Long distance trucks area great application for hydrogen, using fuel cells and a small battery (think Prius not Tesla), the installation is very weight competitive with diesel. Refueling times an the order of 15 minutes plus can be used for cooling (refrigerated trailers) plus keeping the cabin comfortable. These truck are used more like trains, going from depot to depot on a regular route daily. Easy to add the infrastructure. Fuel cells are more efficient than diesel engines, plus with a battery they avoid the idling time that many trucks currently have. More than offsets the energy lost in converting electricity and compressing the hydrogen.

As pointed out already, forklfts using hydrogen fuel cells are all ready a thing. Fueled in a few minutes vs overnight for batteries. Yes you can charge them in 30 minute but that significantly reduces the life of the battery. Plus if you would need to either change out the batteries (not trivial on a fork lift) or have more forklifts to support operations (costly). See all the solar panels on top of logistic warehouses? they don't need that much power but they can generate the hydrogen they need for the forklifts.
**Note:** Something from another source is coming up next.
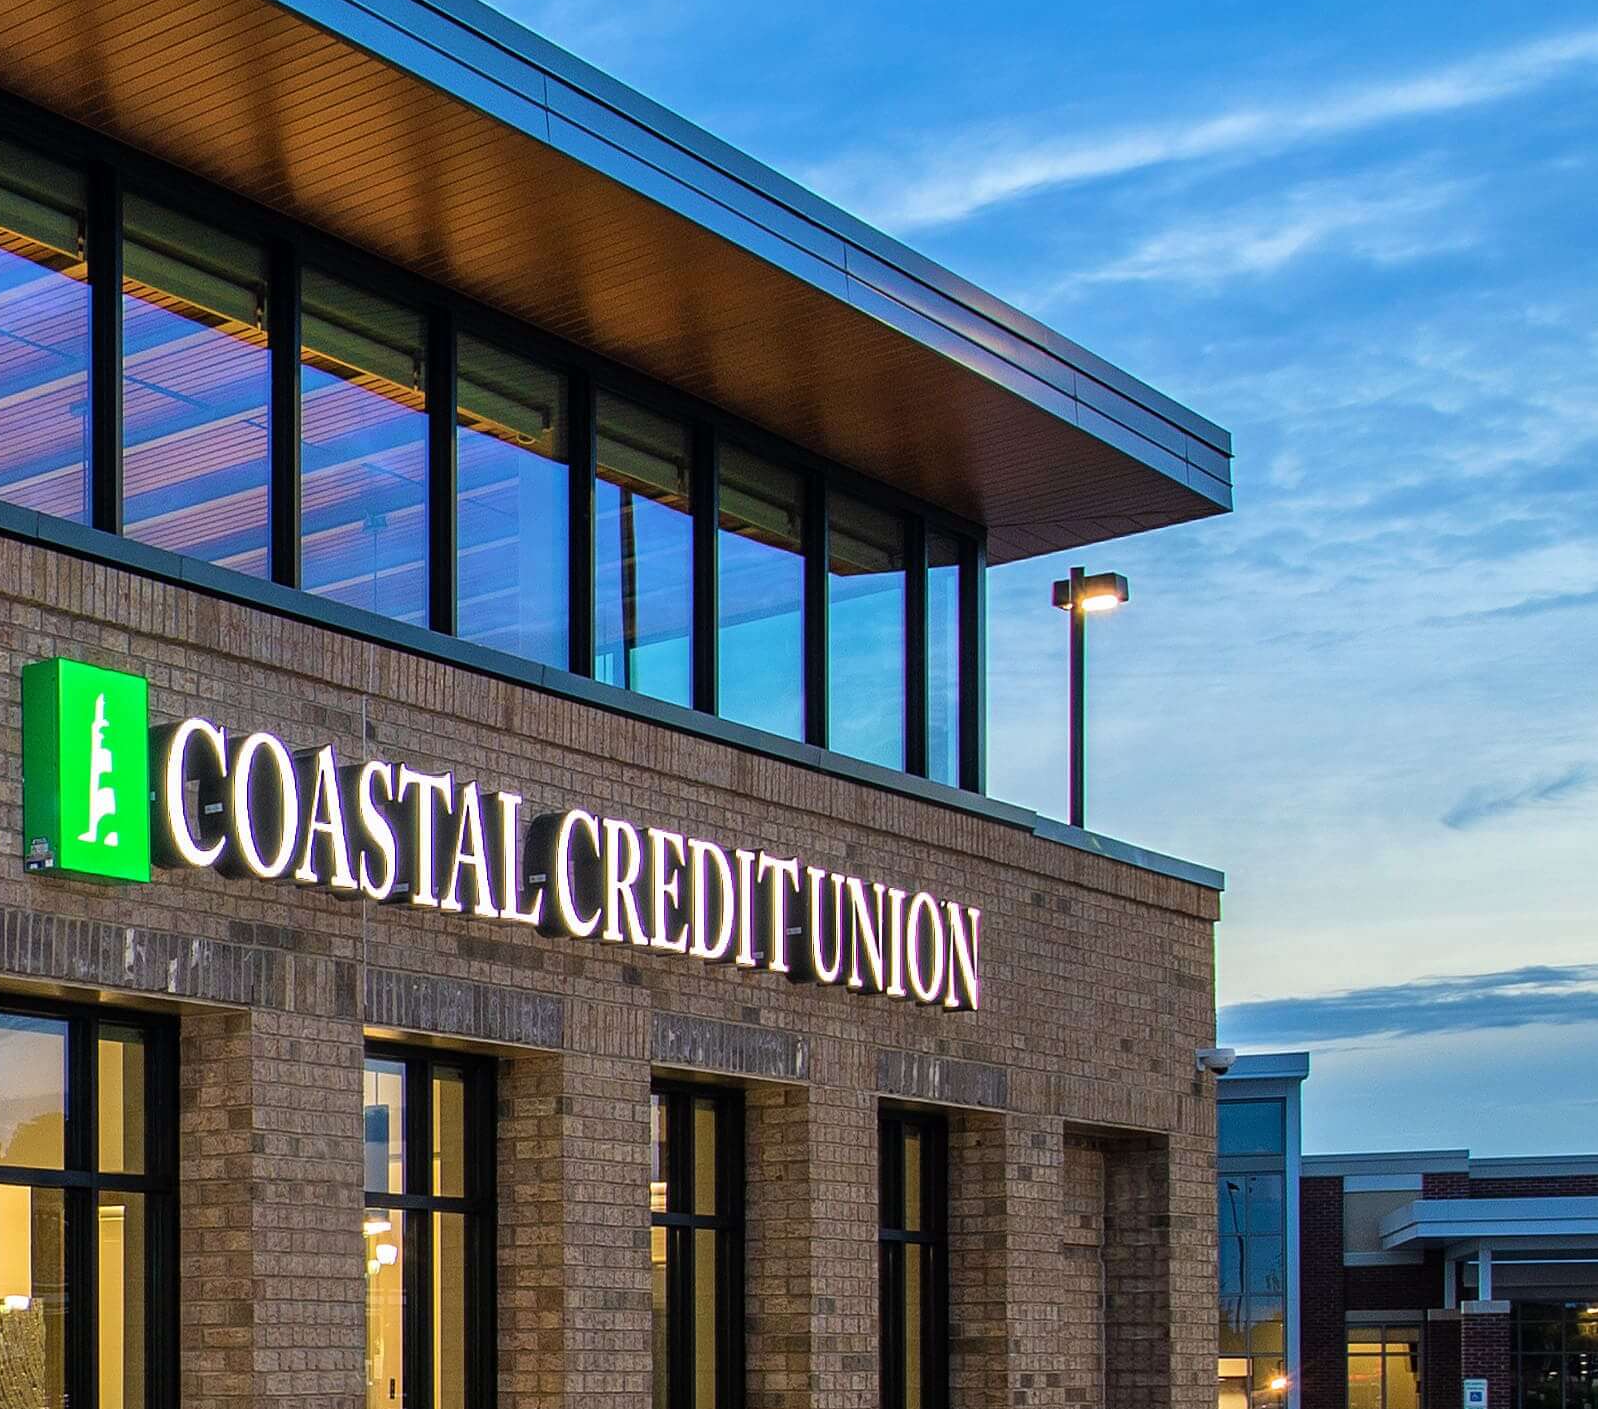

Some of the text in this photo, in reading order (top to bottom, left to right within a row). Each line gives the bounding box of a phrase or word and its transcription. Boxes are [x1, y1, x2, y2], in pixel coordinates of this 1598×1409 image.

Trains are another example, already diesel – electric, can use fuel cells or turbines burning hydrogen.

NOVAdev - Earth Friendly Flight

Kenworth - Toyota FCEV Truck

hydrogen, not THE answer but certainly a viable part of the overall plan.

Mike (Hydrogen is the day job) K
I think Big Nuke + Hydrogen is probably the only feasible way to decarbonize air travel and moving freight. This will probably happen when the oil reserves start to dry up.
 
I think Big Nuke + Hydrogen is probably the only feasible way to decarbonize air travel and moving freight. This will probably happen when the oil reserves start to dry up.
SMALL nuke and an elctrolizer, combined heat and power for 'baseload hydrogen' Dow chemical is buying thier own SMR for something like this.

DOW- SMR
 
Couple of other things to think about,

How much energy did it take to drill for, pump crude, transport to a refinery, refine, transport to the end user and pump gas (or diesel, or jet fuel). It is a false equivalence to talk about the efficiency of producing hydrogen without factoring the efficiency of producing gas, diesel, or jet fuel.
Good point. But the first one is the energy investment to produce energy. The second is the conversion losses of energy. The first is a net gain, the second is a net loss.
 
SMALL nuke and an elctrolizer, combined heat and power for 'baseload hydrogen' Dow chemical is buying thier own SMR for something like this.

DOW- SMR
Some might argue its better to put the output of that SMR into the grid and reduce fossil fuel use instead of throwing 20% to 50% of it away making H2. Not me.
 
Another option to consider is that hydrogen (and/or ammonia) production for fuel or fertilizer can be a solution to the problem of stranded wind. "Stranded wind" refers to places where there's great wind resources but little grid infrastructure to take power from wind turbines to market. Putting up a windmill with a hydrogen electrolyser/ammonia plant can be a solution. You don't need continuous service, just a truck coming by every few days to pick up the product. You do need some water resources in the area for this option to work, but it's an option as part of a larger system.

When used for ammonia, there's the added benefit that stranded wind resources are often in farming areas so you're spending less effort to ship fertilizer from the fertilizer plant to the end user.